— Знаю, — отмахнулся я. — И все-таки…
— Ну, посмотрим, — сказал Ноздря.
Опохмелясь и наевшись, я как-то вдруг приободрился, исполнился сил. И разгоряченный, охваченный гордыней, сказал, подбоченясь, небрежно раскидываясь на стуле:
— Да, да. Посмотрим! Я, кстати, собираюсь нынче утром зайти в здешний Союз Писателей. Хотите, чижики, — со мной?
— Хотим, — дружно согласились чижики.
— Ну, вот и ладно, — кивнул я, — выпьем за мою удачу! — И щелкнув пальцами, подозвал официантку:
— Еще по сто граммов каждому!
И потом — поворотясь к приятелям — добавил высокомерно:
— Только уговор: не суетиться, не шкодить! Вести себя пристойно. Все-таки надо понимать — куда идем!

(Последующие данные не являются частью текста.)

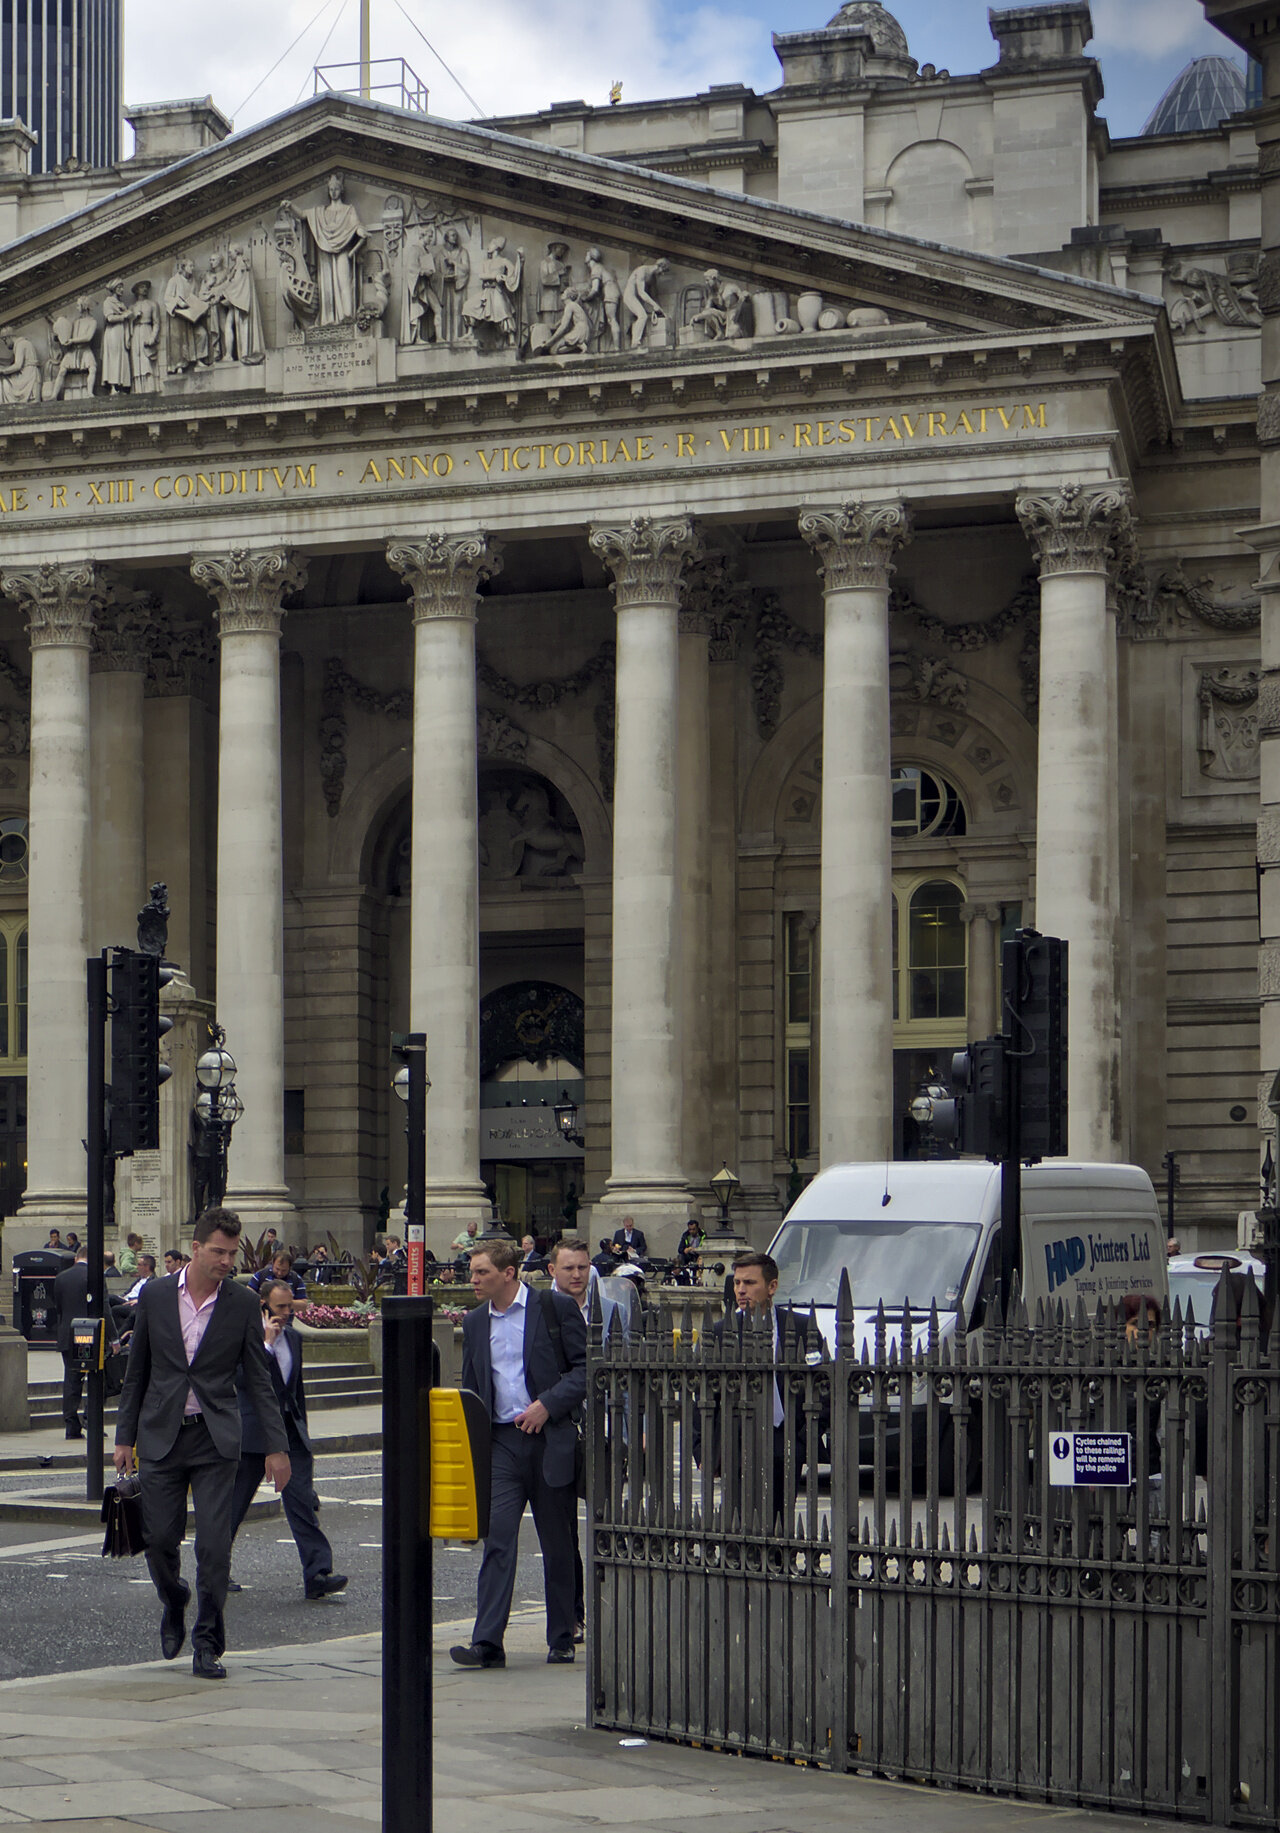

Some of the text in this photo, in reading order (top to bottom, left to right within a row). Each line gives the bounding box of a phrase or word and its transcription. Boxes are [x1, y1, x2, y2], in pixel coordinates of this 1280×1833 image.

[304, 355, 321, 363] THE
[285, 365, 303, 373] AND
[309, 363, 326, 371] THE
[50, 484, 68, 508] R
[87, 478, 135, 506] XIII
[153, 463, 318, 499] CONDITVM
[359, 452, 454, 484] ANNO
[476, 435, 655, 473] VICTORIAE
[675, 431, 697, 458] R
[718, 425, 772, 452] VIII
[792, 402, 1049, 448] RESTAVRATVM
[410, 1247, 419, 1275] butts
[1044, 1232, 1150, 1293] HND Jointers Ltd
[1075, 1278, 1097, 1295] Taping
[1104, 1276, 1128, 1294] Jointing
[1130, 1275, 1153, 1288] Services
[75, 1336, 93, 1344] WAIT
[1075, 1437, 1122, 1447] Cycles chained
[1102, 1447, 1126, 1456] railings
[1075, 1455, 1125, 1463] will be removed
[1076, 1464, 1117, 1473] by the police
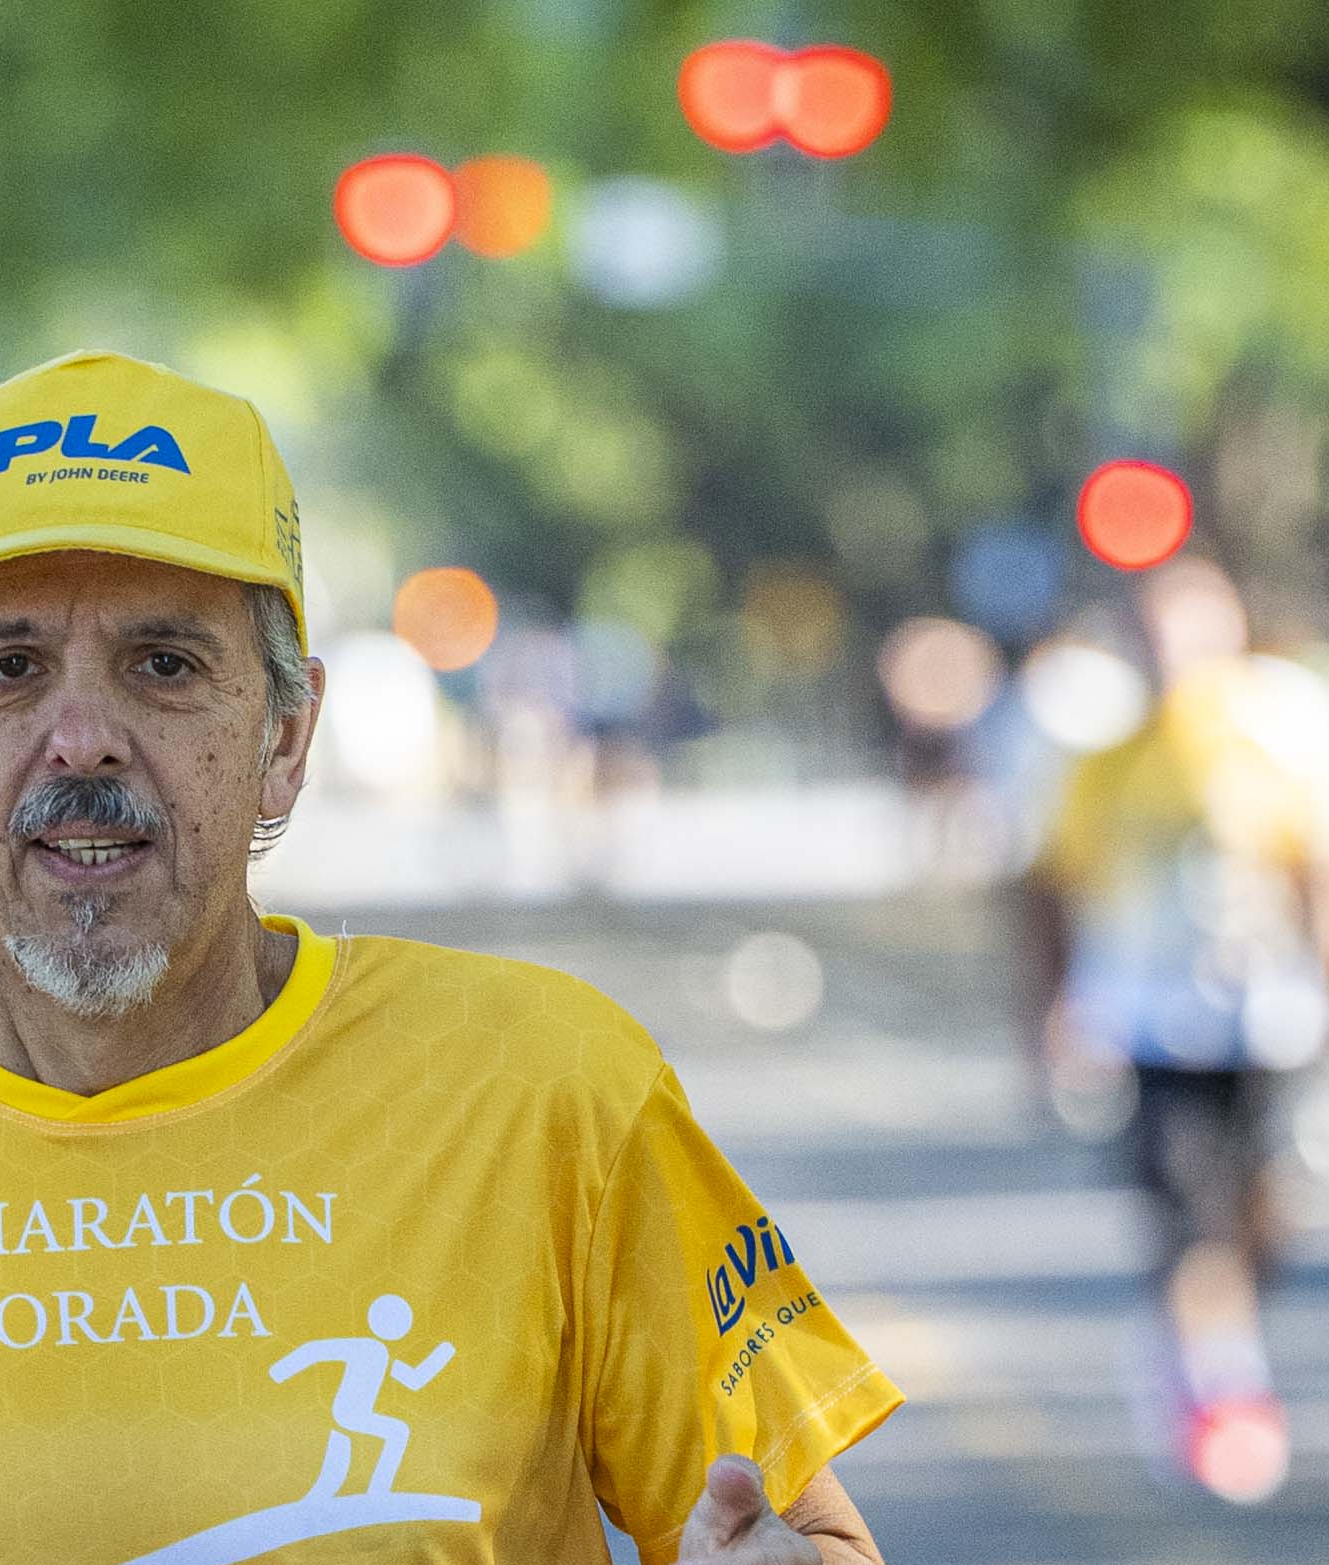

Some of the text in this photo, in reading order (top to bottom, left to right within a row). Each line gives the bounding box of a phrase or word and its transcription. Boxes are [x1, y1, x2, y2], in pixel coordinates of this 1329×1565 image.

[26, 467, 149, 485] BY JOHN DEERE
[721, 1291, 820, 1396] SABORES QUE
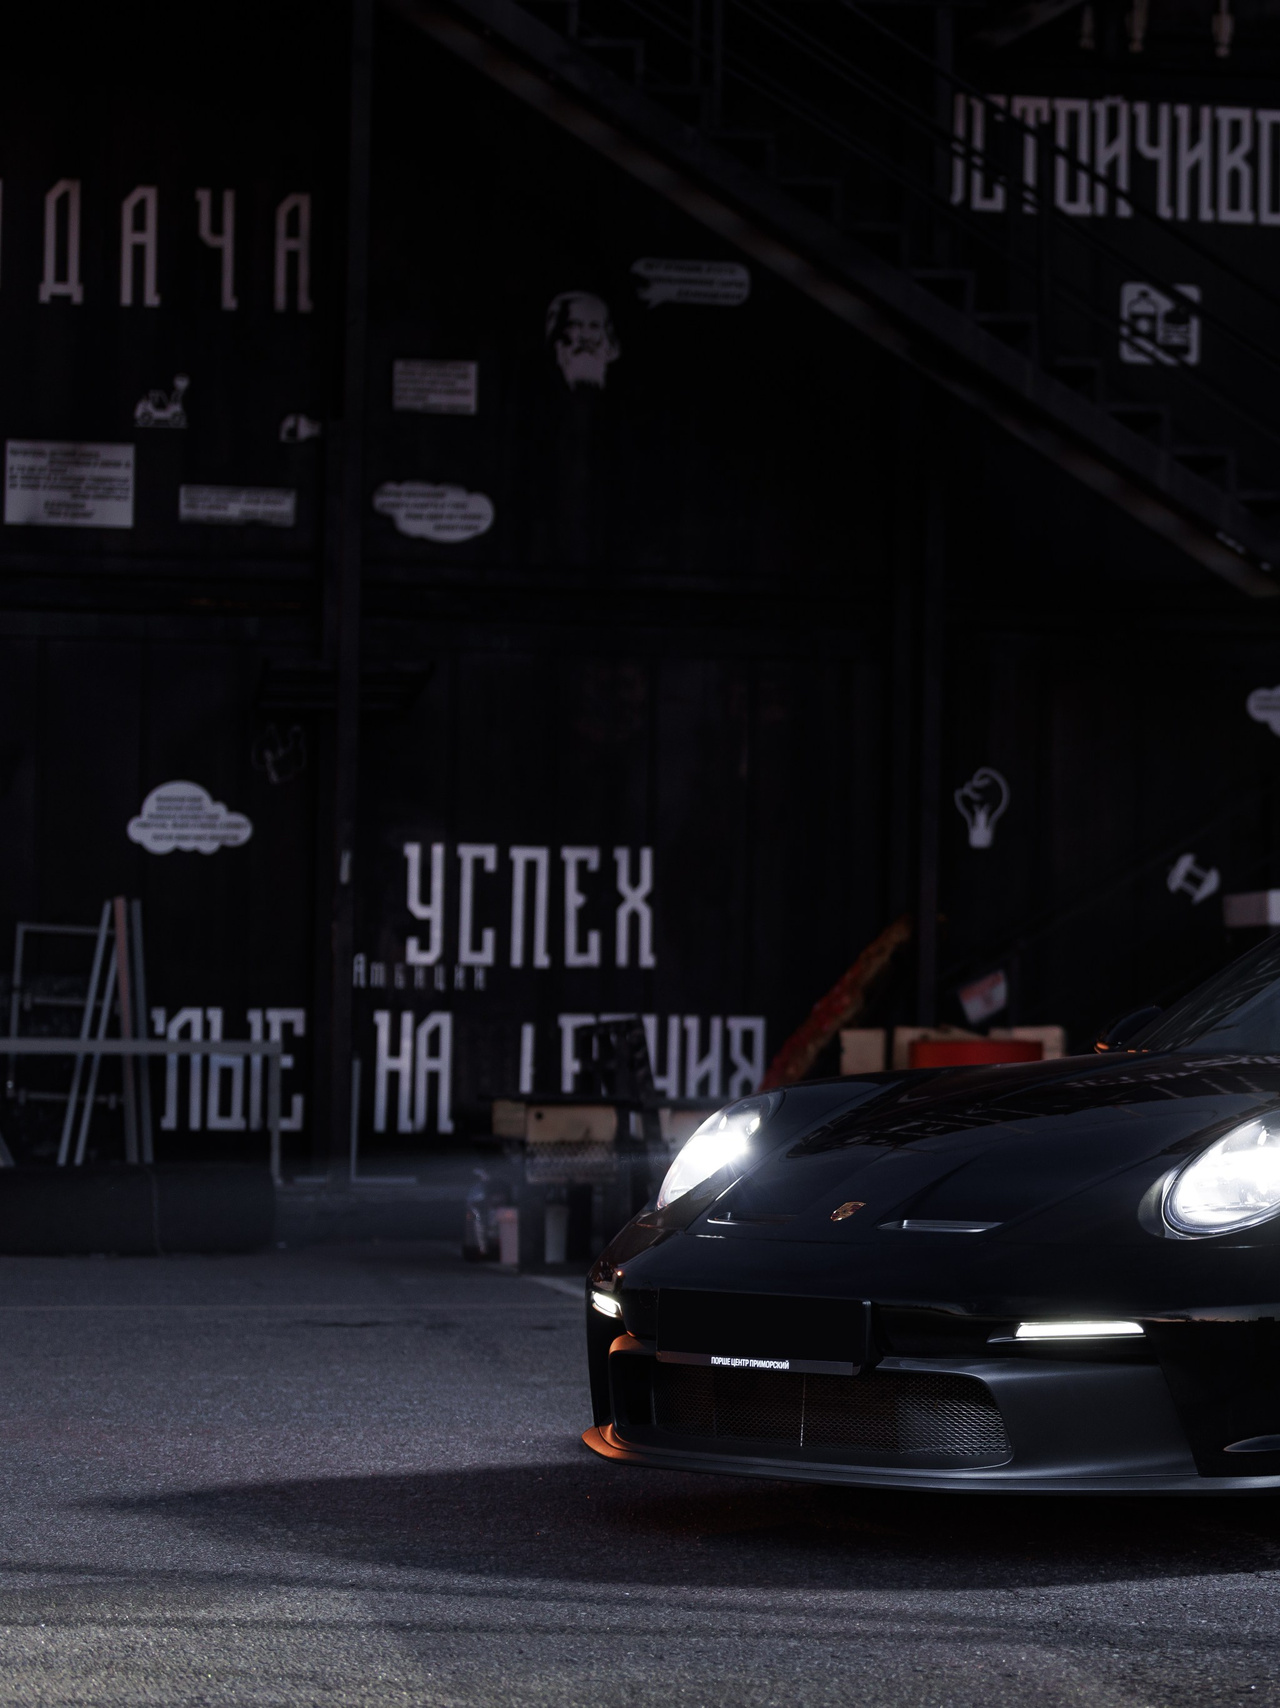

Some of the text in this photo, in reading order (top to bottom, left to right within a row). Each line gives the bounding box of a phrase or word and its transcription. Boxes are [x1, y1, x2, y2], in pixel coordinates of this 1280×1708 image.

[0, 176, 315, 314] ДАЧА
[402, 842, 657, 969] УСПЕХ
[151, 1006, 306, 1133] ЛЫЕ
[373, 1009, 456, 1134] НА
[710, 1356, 790, 1369] ПОРШЕ ЦЕНТР ПРИМОРСКИЙ
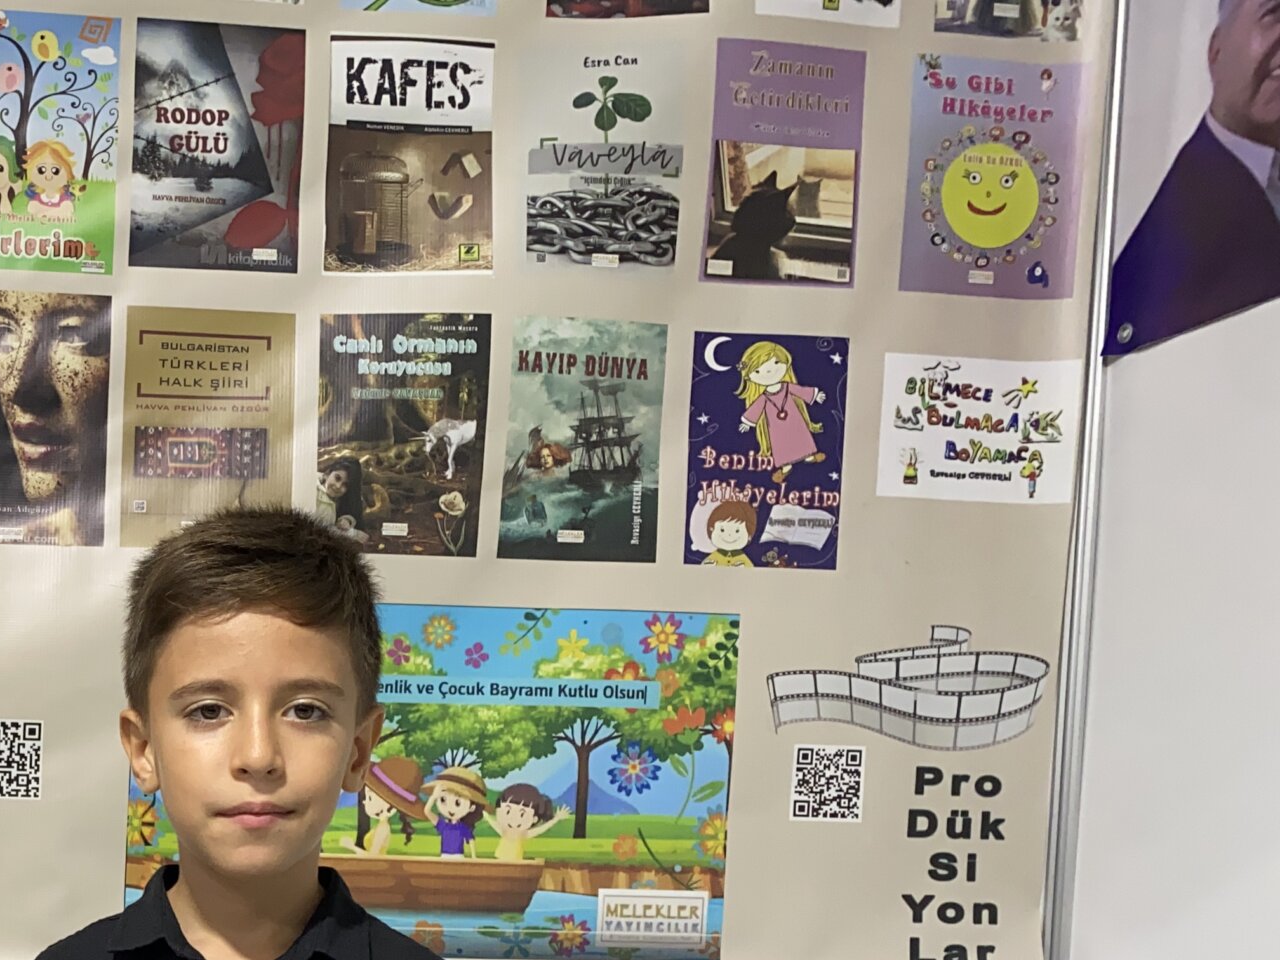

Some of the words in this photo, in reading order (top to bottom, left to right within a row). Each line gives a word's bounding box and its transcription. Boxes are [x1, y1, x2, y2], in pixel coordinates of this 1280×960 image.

Вскоре мы уже шагали по шумным, залитым январским солнцем, улицам города. Адрес удалось отыскать легко; его сообщили нам в первом же книжном киоске. И пока мы шли, продираясь сквозь людскую толчею, я перебирал в памяти те самые стихи, которые должны были быть отосланы в Красноярск Левицким. В тетрадке, оставленной у него, записано было немало! Там имелись (это мне помнилось отчетливо) тексты некоторых моих песен, а также — короткие пейзажные зарисовки, лирические миниатюры… Блатные и лагерные песни, как я понимал, пригодиться в данном случае не могли. Да и вряд ли их кто-нибудь смог бы здесь по-настоящему понять! Зато миниатюры годились для печати бесспорно. И я со вкусом повторял их мысленно, бормотал про себя: "В ночь росой обрызгана трава. Плачет рысь, да ухает сова. Свет зарниц загадочный и зыбкий. А меж хвойных лап такая мгла! Очень просто ночью, по ошибке, прикурить от вспышки рысьих глаз!" Вообще, если говорить о колорите, то в стихах моих преобладал, в основном, — ночной, какой-то тревожный… Я раньше не обращал на все это внимания. И теперь вдруг забеспокоился: а не помешает ли это? Не покажутся ли кому-нибудь стихи мои чересчур уж мрачными? В самом деле: какую вещь ни возьми — всюду та же палитра, одно освещение: "Слышишь? Козодой трубит в трубу. Наступает вечер, как солдат, — серый и зеленый, и во лбу у него — полярная звезда. И трубит, и в сумрачном дыму, плачет козодой среди чащобы… Он — поэт! Иначе для чего бы при луне всю ночь не спать ему?" Или вот такое, например, стихотворение; вроде бы уж не ночное, рассветное, но все равно, окрашенное в пасмурные тона: "Пролилось в распадок глухоманный молоко таежного тумана. На востоке звездочка слиняла. Сыростью пропахли зеленя. Ты навек, Сибирь, околдовала белыми туманами меня!"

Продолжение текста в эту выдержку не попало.